Reproduce the records below exactly, leaving their images out.
BEGIN Data for processing
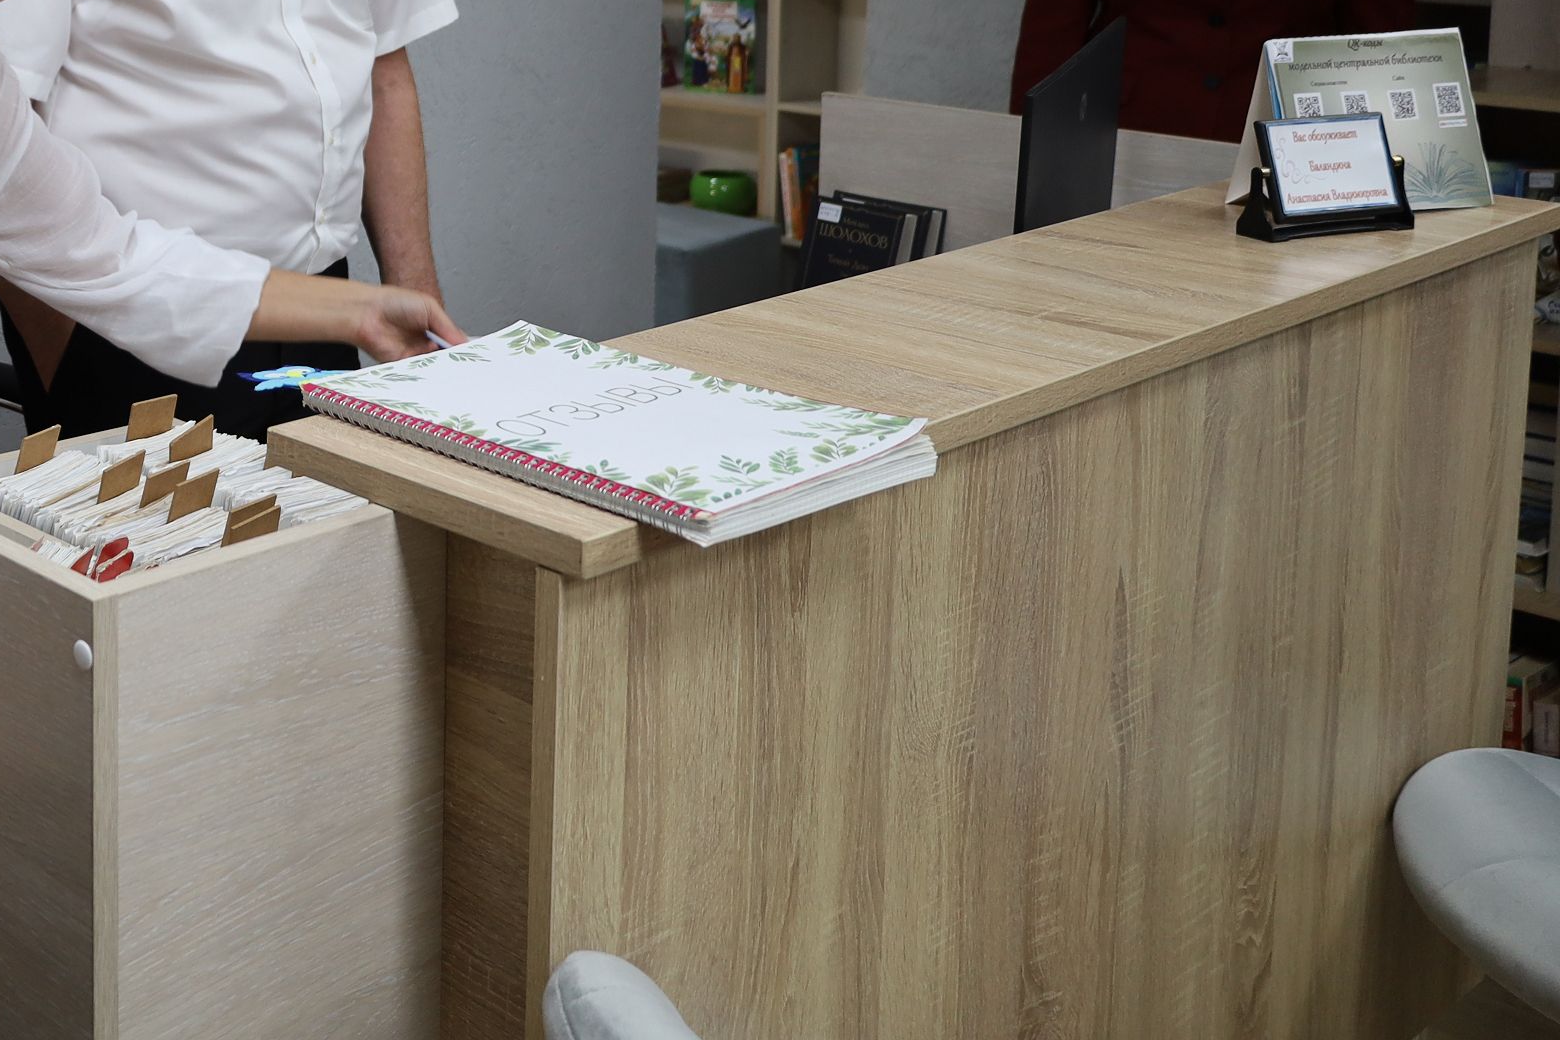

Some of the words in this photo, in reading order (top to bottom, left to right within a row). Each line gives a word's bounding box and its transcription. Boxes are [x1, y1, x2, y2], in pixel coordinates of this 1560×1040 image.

[1347, 38, 1383, 51] QR-коды
[1289, 60, 1333, 72] модельной
[1333, 56, 1390, 71] центральной
[1391, 53, 1443, 67] библиотеки
[1292, 131, 1306, 143] Вас
[1308, 128, 1358, 144] обслуживает
[1309, 160, 1352, 173] Баландина
[1287, 193, 1331, 204] Анастасия
[1331, 188, 1388, 202] Владимировна
[496, 376, 694, 437] ОТЗЫВЫ
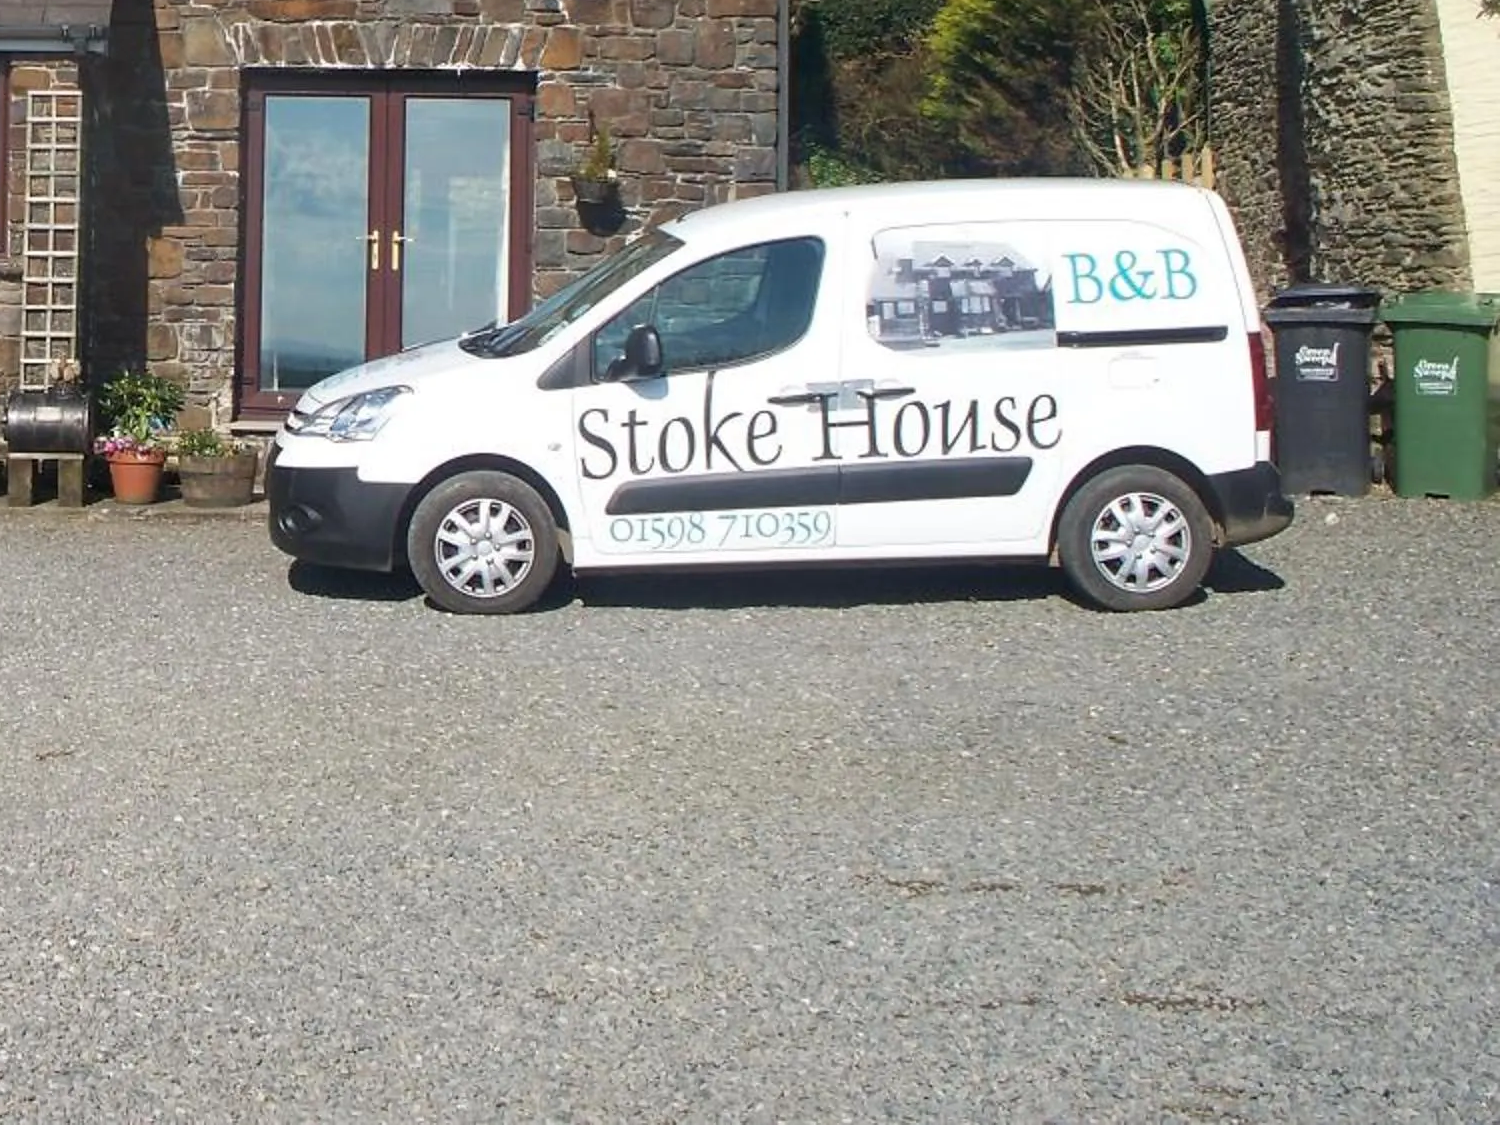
END Data for processing
▶ **Result**
Some of the words in this photo, in reading order (top to bottom, left to right within a row). Each line gives a word's bounding box and its transcription. Boxes are [x1, y1, x2, y2], in pixel coordinates of this 1560×1040 image.

[1347, 38, 1383, 51] QR-коды
[1289, 60, 1333, 72] модельной
[1333, 56, 1390, 71] центральной
[1391, 53, 1443, 67] библиотеки
[1292, 131, 1306, 143] Вас
[1308, 128, 1358, 144] обслуживает
[1309, 160, 1352, 173] Баландина
[1287, 193, 1331, 204] Анастасия
[1331, 188, 1388, 202] Владимировна
[496, 376, 694, 437] ОТЗЫВЫ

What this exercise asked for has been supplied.